One shouldn't get so wrapped up in the strange appearance of Cambrian vertebrates as to lose sight of the larger picture: living shrimps can be very weird-looking, too. The fact is that Waptia, the third most common fossil invertebrate of the Burgess Shale (after Marrella and Canadaspis), was recognizably a direct ancestor of modern shrimp, what with its beady eyes, segmented body, semi-hard carapace and multliple legs; for all we know, this invertebrate may even have been colored pink. One odd feature of Waptia is that its four front pairs of limbs were distinct from its six hind pairs of limbs; the former were used for walking along the sea floor, and the latter for propulsion through the water in search of food.

12
of 13

Tamiscolaris

One of the most amazing things about Cambrian invertebrates is that new genera are constantly being unearthed, often in the most remote places imaginable.
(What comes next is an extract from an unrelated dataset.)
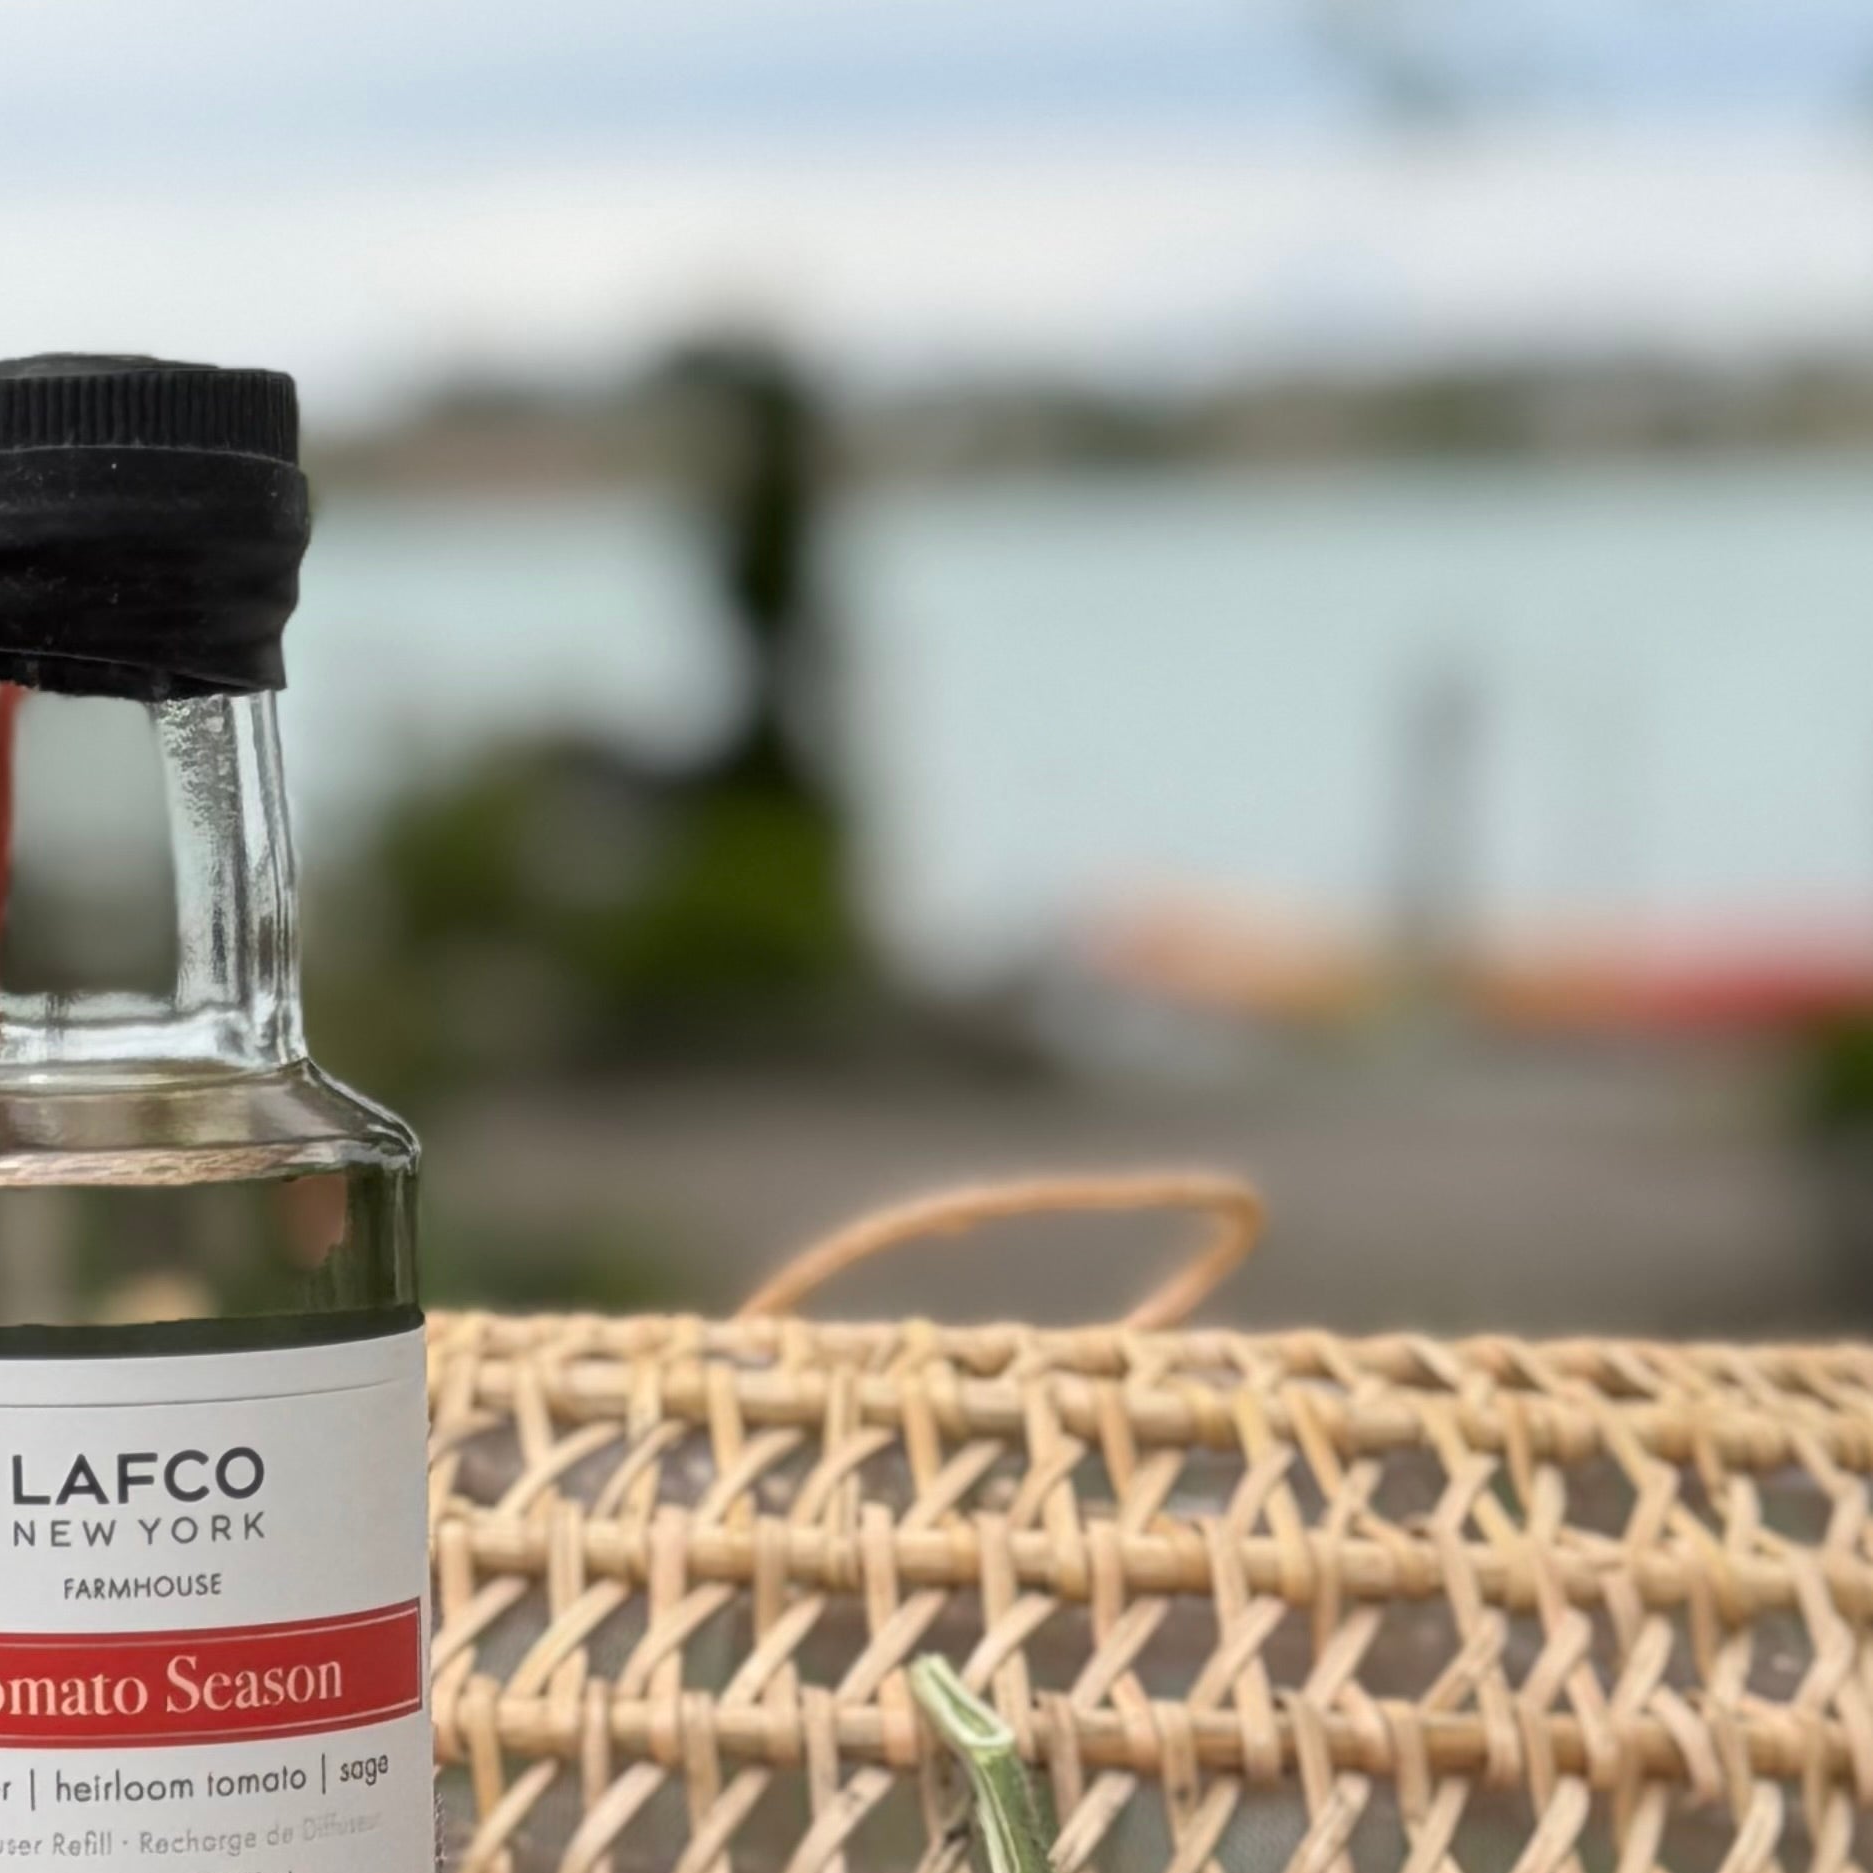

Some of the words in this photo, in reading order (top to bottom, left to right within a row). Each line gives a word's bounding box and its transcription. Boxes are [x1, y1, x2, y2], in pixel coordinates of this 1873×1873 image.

Announced to the world in 2014, after its discovery in Greenland, Tamiscolaris was a close relative of Anomalocaris (see slide #3) that measured almost three feet from head to tail. The main difference is that whereas Anomalocaris clearly preyed on its fellow invertebrates, Tamiscolaris was one of the world's first "filter feeders," combing microorganisms out of the sea with the delicate bristles on its front appendages. Clearly, Tamiscolaris evolved from an "apex predator"-style anomalocarid in response to changing ecological conditions that made miscroscopic food sources more abundant.

13
of 13

Aysheaia

Wikimedia Commons

Possibly the strangest-looking Cambrian invertebrate in this slideshow, Aysheaia is, paradoxically, also one of the best understood—it has many features in common with both onychophorans, aka velvet worms, and the bizarre, microscopic creatures known as tardigrades, or "water bears." To judge by its distinctive anatomy, this one- or two-inch-long animal grazed on prehistoric sponges, which it clung to tightly with its numerous claws, and the shape of its mouth signals a predatory rather than detritus-gobbling lifestyle (as do the paired structures around its mouth, which were likely used to grasp prey, as well as the six strange, finger-like structures growing from this invertebrate's head).